• **EXERCISE DIRECTIONS**
Each entry must appear again exactly as it does in the source.

[Dataset items]
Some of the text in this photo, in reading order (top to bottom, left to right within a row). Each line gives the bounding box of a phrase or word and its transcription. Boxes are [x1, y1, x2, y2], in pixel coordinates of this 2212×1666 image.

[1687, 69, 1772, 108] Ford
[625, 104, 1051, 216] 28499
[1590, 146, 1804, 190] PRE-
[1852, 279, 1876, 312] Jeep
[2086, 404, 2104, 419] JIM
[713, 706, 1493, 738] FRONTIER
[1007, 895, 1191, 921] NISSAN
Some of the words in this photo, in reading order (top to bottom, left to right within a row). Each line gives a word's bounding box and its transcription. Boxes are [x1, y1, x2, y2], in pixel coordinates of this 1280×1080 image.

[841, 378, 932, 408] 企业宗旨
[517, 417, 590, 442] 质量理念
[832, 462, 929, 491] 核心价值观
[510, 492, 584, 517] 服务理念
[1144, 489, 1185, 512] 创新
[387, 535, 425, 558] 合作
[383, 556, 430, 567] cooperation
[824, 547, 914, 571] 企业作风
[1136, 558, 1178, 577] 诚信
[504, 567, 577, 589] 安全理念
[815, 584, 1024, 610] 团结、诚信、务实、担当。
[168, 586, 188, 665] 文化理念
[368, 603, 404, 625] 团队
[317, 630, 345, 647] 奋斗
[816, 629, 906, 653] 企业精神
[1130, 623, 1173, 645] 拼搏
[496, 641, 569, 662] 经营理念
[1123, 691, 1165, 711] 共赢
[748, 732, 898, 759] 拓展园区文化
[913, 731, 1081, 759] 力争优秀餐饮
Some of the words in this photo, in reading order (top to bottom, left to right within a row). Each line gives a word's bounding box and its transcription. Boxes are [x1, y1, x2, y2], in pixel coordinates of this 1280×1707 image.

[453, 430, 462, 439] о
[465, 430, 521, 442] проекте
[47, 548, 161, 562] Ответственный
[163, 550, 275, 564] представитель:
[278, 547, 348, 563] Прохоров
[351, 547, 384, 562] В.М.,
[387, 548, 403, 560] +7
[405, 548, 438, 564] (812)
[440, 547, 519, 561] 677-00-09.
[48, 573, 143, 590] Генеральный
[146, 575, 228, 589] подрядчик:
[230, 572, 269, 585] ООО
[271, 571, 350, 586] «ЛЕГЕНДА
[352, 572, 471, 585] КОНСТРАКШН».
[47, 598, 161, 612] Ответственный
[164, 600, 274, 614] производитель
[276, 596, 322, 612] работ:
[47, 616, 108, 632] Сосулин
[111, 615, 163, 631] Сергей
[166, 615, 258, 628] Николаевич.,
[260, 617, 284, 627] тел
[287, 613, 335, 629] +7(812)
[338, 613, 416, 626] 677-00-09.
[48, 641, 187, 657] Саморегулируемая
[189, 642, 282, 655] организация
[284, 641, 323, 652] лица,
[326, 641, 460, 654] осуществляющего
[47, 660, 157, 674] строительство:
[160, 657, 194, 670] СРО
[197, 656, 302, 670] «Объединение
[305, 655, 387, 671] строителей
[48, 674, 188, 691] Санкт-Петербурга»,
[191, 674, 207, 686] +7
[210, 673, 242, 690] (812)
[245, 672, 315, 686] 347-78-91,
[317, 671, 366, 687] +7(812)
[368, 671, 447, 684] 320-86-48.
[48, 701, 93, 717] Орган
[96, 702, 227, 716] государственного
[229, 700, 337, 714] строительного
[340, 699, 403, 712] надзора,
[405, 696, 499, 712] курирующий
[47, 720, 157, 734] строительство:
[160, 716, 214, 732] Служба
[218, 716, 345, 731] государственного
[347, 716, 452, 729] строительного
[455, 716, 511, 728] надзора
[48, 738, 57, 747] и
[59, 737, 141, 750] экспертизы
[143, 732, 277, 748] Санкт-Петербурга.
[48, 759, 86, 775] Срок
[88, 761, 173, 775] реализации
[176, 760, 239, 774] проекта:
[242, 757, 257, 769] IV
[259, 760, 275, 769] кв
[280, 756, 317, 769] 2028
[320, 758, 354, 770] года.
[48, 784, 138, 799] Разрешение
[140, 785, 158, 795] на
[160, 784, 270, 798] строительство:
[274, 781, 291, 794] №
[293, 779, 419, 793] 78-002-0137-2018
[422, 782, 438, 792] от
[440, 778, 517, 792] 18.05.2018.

• **TASK ANSWER**
Some of the text in this photo, in reading order (top to bottom, left to right within a row). Each line gives the bounding box of a phrase or word and its transcription. Boxes are [x1, y1, x2, y2], in pixel coordinates of this 2212×1666 image.

[1687, 69, 1772, 108] Ford
[625, 104, 1051, 216] 28499
[1590, 146, 1804, 190] PRE-
[1852, 279, 1876, 312] Jeep
[2086, 404, 2104, 419] JIM
[713, 706, 1493, 738] FRONTIER
[1007, 895, 1191, 921] NISSAN
Some of the words in this photo, in reading order (top to bottom, left to right within a row). Each line gives a word's bounding box and its transcription. Boxes are [x1, y1, x2, y2], in pixel coordinates of this 1280×1080 image.

[841, 378, 932, 408] 企业宗旨
[517, 417, 590, 442] 质量理念
[832, 462, 929, 491] 核心价值观
[510, 492, 584, 517] 服务理念
[1144, 489, 1185, 512] 创新
[387, 535, 425, 558] 合作
[383, 556, 430, 567] cooperation
[824, 547, 914, 571] 企业作风
[1136, 558, 1178, 577] 诚信
[504, 567, 577, 589] 安全理念
[815, 584, 1024, 610] 团结、诚信、务实、担当。
[168, 586, 188, 665] 文化理念
[368, 603, 404, 625] 团队
[317, 630, 345, 647] 奋斗
[816, 629, 906, 653] 企业精神
[1130, 623, 1173, 645] 拼搏
[496, 641, 569, 662] 经营理念
[1123, 691, 1165, 711] 共赢
[748, 732, 898, 759] 拓展园区文化
[913, 731, 1081, 759] 力争优秀餐饮
Some of the words in this photo, in reading order (top to bottom, left to right within a row). Each line gives a word's bounding box and its transcription. Boxes are [x1, y1, x2, y2], in pixel coordinates of this 1280×1707 image.

[453, 430, 462, 439] о
[465, 430, 521, 442] проекте
[47, 548, 161, 562] Ответственный
[163, 550, 275, 564] представитель:
[278, 547, 348, 563] Прохоров
[351, 547, 384, 562] В.М.,
[387, 548, 403, 560] +7
[405, 548, 438, 564] (812)
[440, 547, 519, 561] 677-00-09.
[48, 573, 143, 590] Генеральный
[146, 575, 228, 589] подрядчик:
[230, 572, 269, 585] ООО
[271, 571, 350, 586] «ЛЕГЕНДА
[352, 572, 471, 585] КОНСТРАКШН».
[47, 598, 161, 612] Ответственный
[164, 600, 274, 614] производитель
[276, 596, 322, 612] работ:
[47, 616, 108, 632] Сосулин
[111, 615, 163, 631] Сергей
[166, 615, 258, 628] Николаевич.,
[260, 617, 284, 627] тел
[287, 613, 335, 629] +7(812)
[338, 613, 416, 626] 677-00-09.
[48, 641, 187, 657] Саморегулируемая
[189, 642, 282, 655] организация
[284, 641, 323, 652] лица,
[326, 641, 460, 654] осуществляющего
[47, 660, 157, 674] строительство:
[160, 657, 194, 670] СРО
[197, 656, 302, 670] «Объединение
[305, 655, 387, 671] строителей
[48, 674, 188, 691] Санкт-Петербурга»,
[191, 674, 207, 686] +7
[210, 673, 242, 690] (812)
[245, 672, 315, 686] 347-78-91,
[317, 671, 366, 687] +7(812)
[368, 671, 447, 684] 320-86-48.
[48, 701, 93, 717] Орган
[96, 702, 227, 716] государственного
[229, 700, 337, 714] строительного
[340, 699, 403, 712] надзора,
[405, 696, 499, 712] курирующий
[47, 720, 157, 734] строительство:
[160, 716, 214, 732] Служба
[218, 716, 345, 731] государственного
[347, 716, 452, 729] строительного
[455, 716, 511, 728] надзора
[48, 738, 57, 747] и
[59, 737, 141, 750] экспертизы
[143, 732, 277, 748] Санкт-Петербурга.
[48, 759, 86, 775] Срок
[88, 761, 173, 775] реализации
[176, 760, 239, 774] проекта:
[242, 757, 257, 769] IV
[259, 760, 275, 769] кв
[280, 756, 317, 769] 2028
[320, 758, 354, 770] года.
[48, 784, 138, 799] Разрешение
[140, 785, 158, 795] на
[160, 784, 270, 798] строительство:
[274, 781, 291, 794] №
[293, 779, 419, 793] 78-002-0137-2018
[422, 782, 438, 792] от
[440, 778, 517, 792] 18.05.2018.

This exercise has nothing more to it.